Department of Biostatistics, School of Public Health, Nanjing Medical University, 101 Longmian Avenue, Nanjing, Jiangsu, People's Republic of China.
Department of Pharmacy Informatics, School of Science, China Pharmaceutical University, 24 Tongjia Xiang, Nanjing , Jiangsu, People's Republic of China.
BMC Genet. 2019 Mar 19;20(1):36. doi: 10.1186/s12863-019-0739-7.
RNA sequencing (RNA-seq) technology has identified multiple differentially expressed (DE) genes associated to complex disease, however, these genes only explain a modest part of variance. Omnigenic model assumes that disease may be driven by genes with indirect relevance to disease and be propagated by functional pathways. Here, we focus on identifying the interactions between the external genes and functional pathways, referring to gene-pathway interactions (GPIs). Specifically, relying on the relationship between the garrote kernel machine (GKM) and variance component test and permutations for the empirical distributions of score statistics, we propose an efficient analysis procedure as Permutation based gEne-pAthway interaction identification in binary phenotype (PEA).

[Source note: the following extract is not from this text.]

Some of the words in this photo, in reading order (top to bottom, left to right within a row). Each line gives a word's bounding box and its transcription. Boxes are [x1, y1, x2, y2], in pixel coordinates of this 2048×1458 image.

Various simulations show that PEA has well-calibrated type I error rates and higher power than the traditional likelihood ratio test (LRT). In addition, we perform the gene set enrichment algorithms and PEA to identifying the GPIs from a pan-cancer data (GES68086). These GPIs and genes possibly further illustrate the potential etiology of cancers, most of which are identified and some external genes and significant pathways are consistent with previous studies.
PEA is an efficient tool for identifying the GPIs from RNA-seq data. It can be further extended to identify the interactions between one variable and one functional set of other omics data for binary phenotypes.

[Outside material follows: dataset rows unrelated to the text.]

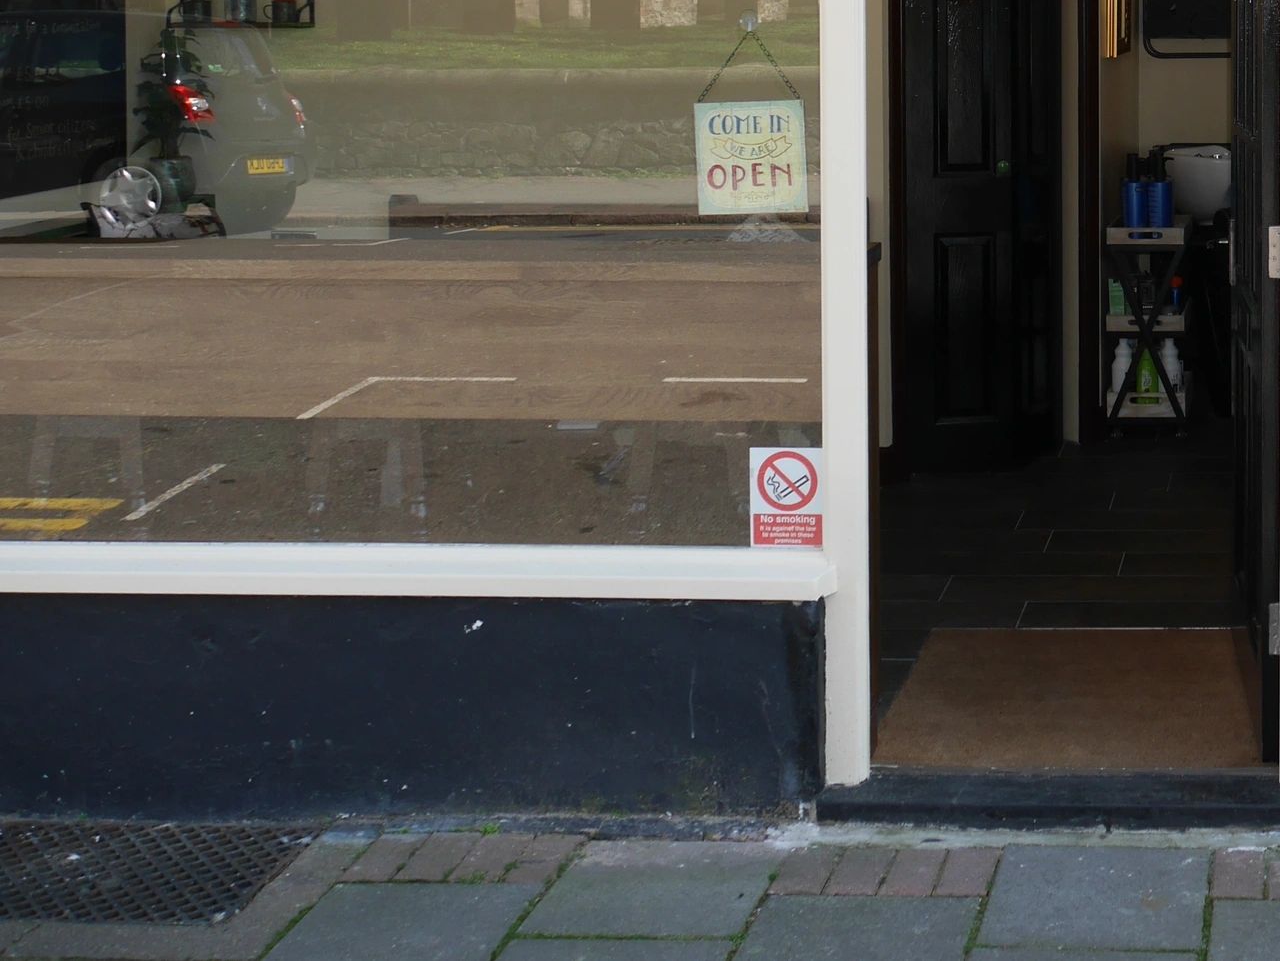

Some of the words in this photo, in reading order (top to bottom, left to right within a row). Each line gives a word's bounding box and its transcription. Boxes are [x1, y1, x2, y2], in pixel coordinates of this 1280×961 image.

[708, 113, 762, 135] COME
[769, 114, 791, 134] IN
[730, 142, 746, 157] WE
[707, 162, 792, 191] OPEN
[760, 514, 774, 523] No
[776, 514, 816, 526] smoking
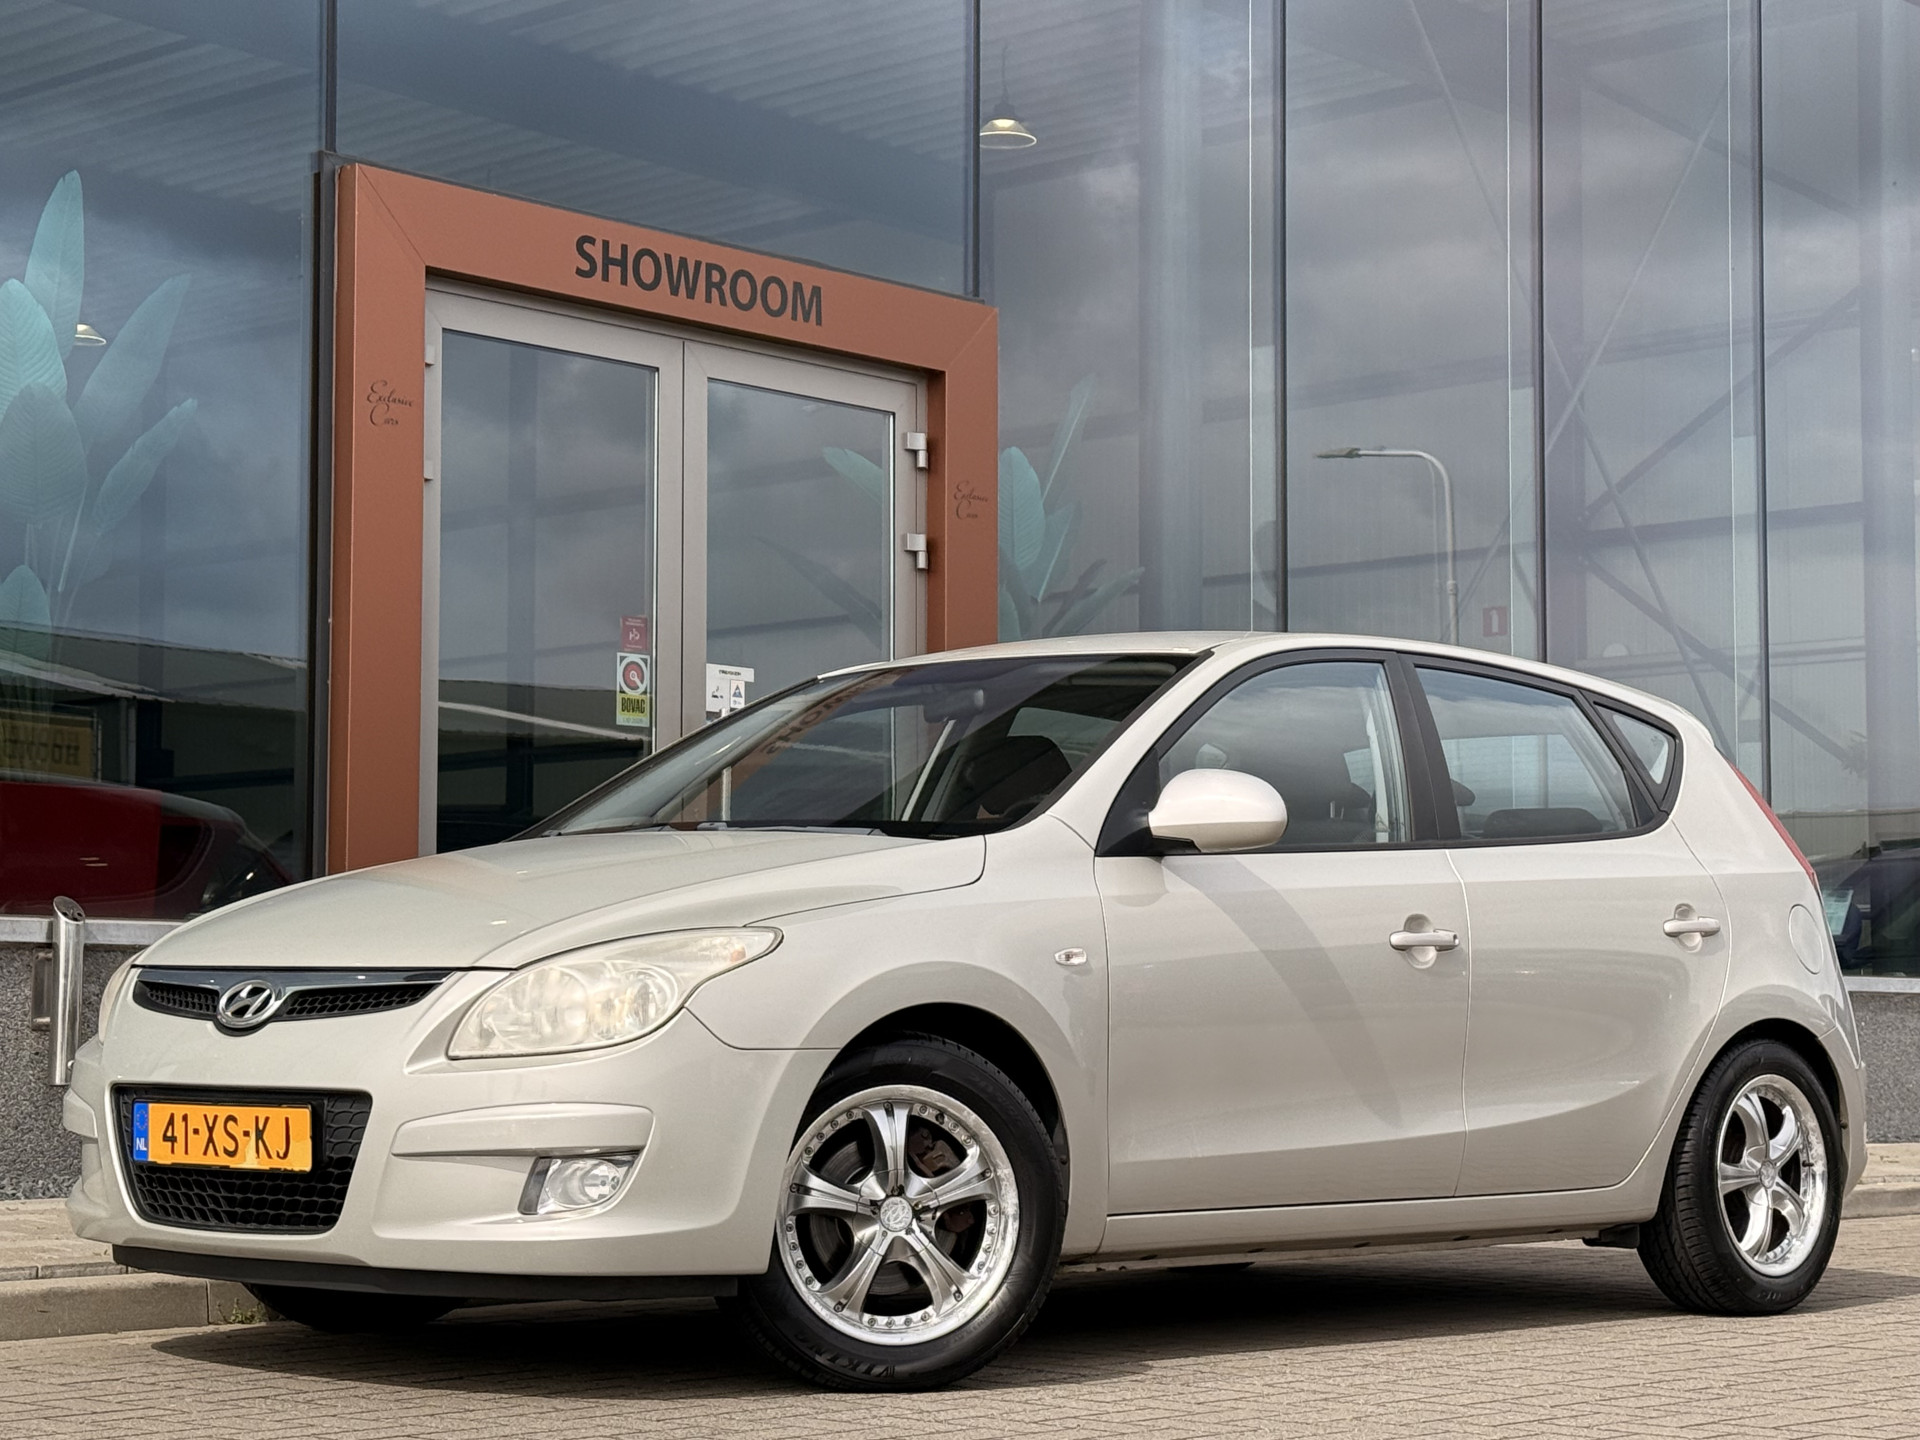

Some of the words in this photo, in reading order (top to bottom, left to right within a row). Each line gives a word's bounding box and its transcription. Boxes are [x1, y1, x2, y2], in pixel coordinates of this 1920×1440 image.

RNA 测序(RNA-seq)技术已经确定了与复杂疾病相关的多个差异表达(DE)基因,但这些基因仅能解释部分方差。全基因组模型假设疾病可能由与疾病间接相关的基因驱动,并通过功能途径传播。在这里,我们专注于识别外部基因与功能途径之间的相互作用,即基因-途径相互作用(GPIs)。具体来说,我们依赖于绞索核机器(GKM)和方差分量检验之间的关系,以及分数统计量经验分布的置换,提出了一种有效的分析程序,即基于置换的二元表型基因-途径相互作用识别(PEA)。
各种模拟表明,PEA 具有良好校准的Ⅰ型错误率和比传统似然比检验(LRT)更高的功效。此外,我们对泛癌数据(GES68086)进行了基因集富集算法和 PEA 以识别 GPIs。这些 GPIs 和基因可能进一步说明了癌症的潜在病因,其中大部分是已识别的,一些外部基因和重要途径与之前的研究一致。
PEA 是一种从 RNA-seq 数据中识别 GPIs 的有效工具。它可以进一步扩展,以识别二元表型中一个变量与其他组学数据中一组功能的相互作用。